Today’s Biz Ladies post comes from Rebecca Kutys of Moontree Letterpress in Dumbo, Brooklyn. Together with Breck Hostetter of Sesame Letterpress, Rebecca began a joint venture called “Brooklyn Social Cards” to create letterpress business cards for clients. In this post, Rebecca offers some do’s and don’ts to business card design. From the appropriate information, to the placement of text, Rebecca shares some helpful advice to creating a memorable card! Thanks Rebecca for this great post! — Stephanie
**Rebecca was kind enough to donate business cards to one lucky reader! If you’d like to throw your hat in the ring to win 250 custom one-color business cards from Brooklyn Social Cards (they made Grace’s cards!), leave a comment below describing a situation in which you wished you’d had a business card with you and why you’d like a set now. Comments will close tomorrow at 9am EST**
UPDATE: Congrats to A. Krause who won the contest! Rebecca and Breck selected her comment below as their favorite. Thank you to everyone who entered!
CLICK HERE for the full post after the jump!
In my first year as a full-time letterpress printer, I got an early lesson in the power of having great business cards. I was struggling month to month, trying to drum up work wherever I could (on a very limited budget). So I decided to put some time into designing and printing really nice business cards for myself. I had no money for advertising or PR, but I figured this was my one slam-dunk marketing tool.
In those early days, I would spend one day a week pounding the pavement in New York City, stopping in at my favorite shops and leaving my business card at the desk. It didn’t matter whether it was a restaurant, salon or yarn shop, I would just leave my card and ask that it be passed along to the manager. One day I got a call from the owner of a high-end Soho stationery store. He said, “I don’t know who you are, but your lovely card is sitting on my desk. Tell me about what you do.” I went in for a meeting the next day and thus began a fantastic three-year collaboration.

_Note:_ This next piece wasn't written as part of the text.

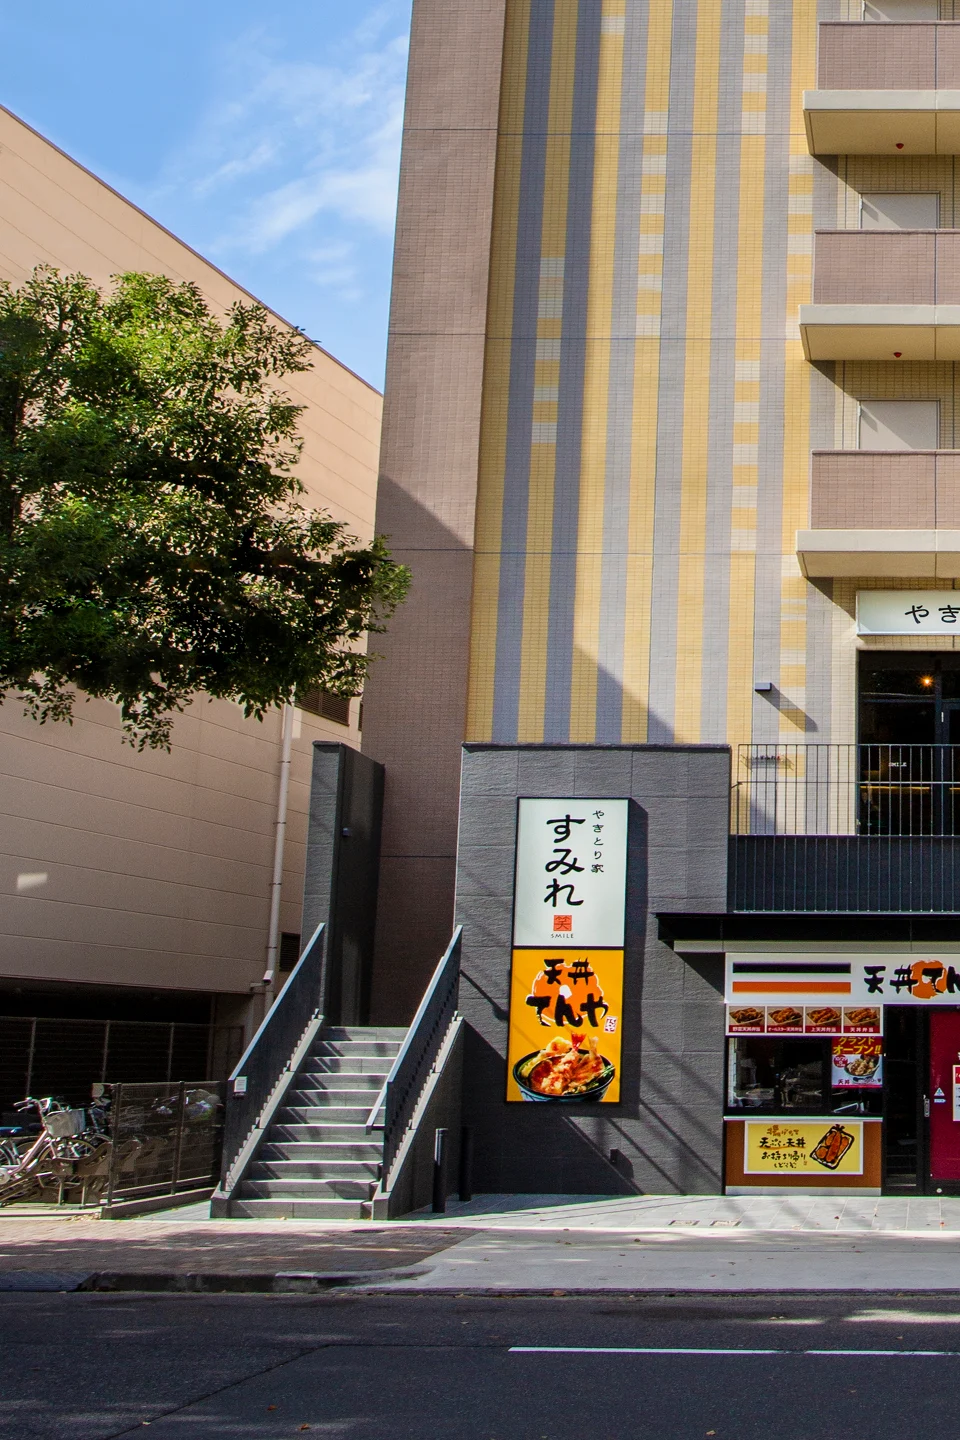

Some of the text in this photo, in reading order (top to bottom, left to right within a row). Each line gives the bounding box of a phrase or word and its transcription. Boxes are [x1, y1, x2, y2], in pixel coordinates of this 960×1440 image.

[543, 813, 587, 908] すみれ
[590, 809, 605, 874] やきとり家
[543, 956, 595, 986] 天丼
[525, 993, 609, 1028] てんや

Your business card is what represents you after you leave the room, so be sure it’s worthy of you and all the great things you have to offer. We used to hand out business cards so the recipient would have all of our contact info and clear idea of what we did. Before the Internet, you would likely have a hard time tracking someone down again if you didn’t get their card. But times have obviously changed . . . and I believe the key role of the business card is a new one.
These days, cards are no longer used just to provide basic information about yourself and your company. They are an invitation to look you up online and fine out more about you. That’s when the real magic begins. So make sure you design your card with that intention in mind. As for designing cards, here are some DOs and DON’Ts:
1. Remember that the character of your card should match your field. Creative professionals should have interesting and expressive cards, while more traditional fields (lawyers and accountants, to name a few) would do well with more conservative and tasteful cards.

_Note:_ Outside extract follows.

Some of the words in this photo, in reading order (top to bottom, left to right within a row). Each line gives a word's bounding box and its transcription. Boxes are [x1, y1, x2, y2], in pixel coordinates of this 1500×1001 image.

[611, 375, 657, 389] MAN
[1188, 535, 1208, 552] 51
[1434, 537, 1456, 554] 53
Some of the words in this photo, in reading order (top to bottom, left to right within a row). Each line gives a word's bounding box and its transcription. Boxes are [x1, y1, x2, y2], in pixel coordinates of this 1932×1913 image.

2. Make sure your card matches the overall “brand” of your company and website.
3. Keep it in-check when ordering super thick, deluxe cards. I always hear people saying that they love their thick, 2-ply cards but can only fit three of them in their wallet at a time.

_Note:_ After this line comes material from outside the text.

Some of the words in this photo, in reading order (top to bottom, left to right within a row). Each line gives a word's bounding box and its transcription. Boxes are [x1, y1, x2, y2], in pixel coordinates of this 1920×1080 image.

4. Remember that if you go with a delicate 100% cotton stock for your cards, they’re going to get banged up pretty easily in someone’s bag. Better to choose a slightly sturdier stock.
5. Make the info on your card clear and readable. Even though you want to express all your creativity in a small space, make sure you don’t over-design the look.
1. Have your cards made for free in exchange for an advertisement on the back. Believe me, I’m always thinking of ways to spend less money in my business, but this isn’t a great way to do that. If your cards are free they’re going to LOOK free.
2. Hand out cards with perforations still visible. This is specifically in the case of printing cards on your home computer. Office supply stores provide business card templates which are great and economical, but trim them down so the edges are clean.
3. Apologize when you give someone your card. You should love your business cards and feel confident handing them out. If you’re apologizing for how lame your cards are, its time to get new ones.
4. Be afraid to leave some information off your card. As long as it includes your website, the recipient will not have a problem finding you.
5. Cross off a phone number before handing someone your card. When any piece of vital information about your business changes, its time to get new cards.
Here’s a is a quick guide to the many different types of printing for business cards — any of these methods are available in local stores or online.
- Offset or digital printing — regular flat printing.
- Thermography — produces a raised, shiny effect through heating the ink.
- Foil-stamping — looks like letterpress with an impression into the paper, but instead of ink uses foil. Can produce a shiny, metallic effect.
- Embossing — creates a detailed raised image without the use of ink.
- Engraving — produces a raised image with ink on metal plates, and can create an extraordinary amount of detail in a small area.
- Letterpress — uses ink and impression to push image into the card.
- Handmade — this is totally up to you and your creativity. Some of the best cards I’ve ever received were homemade. Have a rubber stamp or embosser made, buy some die-cut tools at your local craft store, sew a line or two of stitching on each one . . . the possibilities are endless.
Image above: Design by Erica Heinz (www.energy7.com)
I hope this article has made you think about what message your cards are sending and inspired you to take it up a notch. Thanks for your time — I’m looking forward to reading your ideas and feedback below!